• **Task to complete**
Your task is to set down the line containing "this 1280×960 image." and every later line of the entries, word for word, including the last.

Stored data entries

'''

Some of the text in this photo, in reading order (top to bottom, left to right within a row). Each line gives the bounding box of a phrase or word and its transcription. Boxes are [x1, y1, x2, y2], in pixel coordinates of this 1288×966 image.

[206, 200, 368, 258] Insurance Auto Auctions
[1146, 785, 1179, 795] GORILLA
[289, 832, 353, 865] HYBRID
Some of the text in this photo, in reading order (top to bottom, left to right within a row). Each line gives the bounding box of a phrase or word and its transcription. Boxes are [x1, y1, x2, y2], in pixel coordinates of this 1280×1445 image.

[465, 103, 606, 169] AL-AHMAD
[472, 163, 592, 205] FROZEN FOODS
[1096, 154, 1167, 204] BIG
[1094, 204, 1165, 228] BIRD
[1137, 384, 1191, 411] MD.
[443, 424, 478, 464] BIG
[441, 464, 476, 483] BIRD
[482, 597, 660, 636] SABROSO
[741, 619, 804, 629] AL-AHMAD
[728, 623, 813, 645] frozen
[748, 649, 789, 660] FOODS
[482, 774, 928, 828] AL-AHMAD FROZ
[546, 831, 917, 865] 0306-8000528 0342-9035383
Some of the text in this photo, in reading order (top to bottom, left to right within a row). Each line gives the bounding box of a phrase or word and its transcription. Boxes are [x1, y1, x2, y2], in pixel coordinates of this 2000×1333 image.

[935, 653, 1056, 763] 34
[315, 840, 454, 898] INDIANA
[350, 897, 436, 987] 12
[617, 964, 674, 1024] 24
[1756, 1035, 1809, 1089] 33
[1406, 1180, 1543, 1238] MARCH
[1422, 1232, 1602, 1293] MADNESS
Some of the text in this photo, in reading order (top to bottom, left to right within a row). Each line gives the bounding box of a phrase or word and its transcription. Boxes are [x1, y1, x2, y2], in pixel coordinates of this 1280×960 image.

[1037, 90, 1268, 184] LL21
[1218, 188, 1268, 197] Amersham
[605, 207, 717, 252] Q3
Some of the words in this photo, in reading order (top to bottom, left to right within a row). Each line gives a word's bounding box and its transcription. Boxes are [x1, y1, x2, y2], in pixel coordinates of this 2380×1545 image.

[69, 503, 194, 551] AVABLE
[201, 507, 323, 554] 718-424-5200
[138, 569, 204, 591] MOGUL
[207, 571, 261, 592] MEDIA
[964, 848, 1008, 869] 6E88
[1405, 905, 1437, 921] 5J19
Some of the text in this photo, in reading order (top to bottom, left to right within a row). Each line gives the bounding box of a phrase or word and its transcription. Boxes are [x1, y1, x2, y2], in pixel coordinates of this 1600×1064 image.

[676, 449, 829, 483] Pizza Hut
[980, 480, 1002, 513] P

'''

• **Exercise result**
Some of the text in this photo, in reading order (top to bottom, left to right within a row). Each line gives the bounding box of a phrase or word and its transcription. Boxes are [x1, y1, x2, y2], in pixel coordinates of this 1280×960 image.

[1037, 90, 1268, 184] LL21
[1218, 188, 1268, 197] Amersham
[605, 207, 717, 252] Q3
Some of the words in this photo, in reading order (top to bottom, left to right within a row). Each line gives a word's bounding box and its transcription. Boxes are [x1, y1, x2, y2], in pixel coordinates of this 2380×1545 image.

[69, 503, 194, 551] AVABLE
[201, 507, 323, 554] 718-424-5200
[138, 569, 204, 591] MOGUL
[207, 571, 261, 592] MEDIA
[964, 848, 1008, 869] 6E88
[1405, 905, 1437, 921] 5J19
Some of the text in this photo, in reading order (top to bottom, left to right within a row). Each line gives the bounding box of a phrase or word and its transcription. Boxes are [x1, y1, x2, y2], in pixel coordinates of this 1600×1064 image.

[676, 449, 829, 483] Pizza Hut
[980, 480, 1002, 513] P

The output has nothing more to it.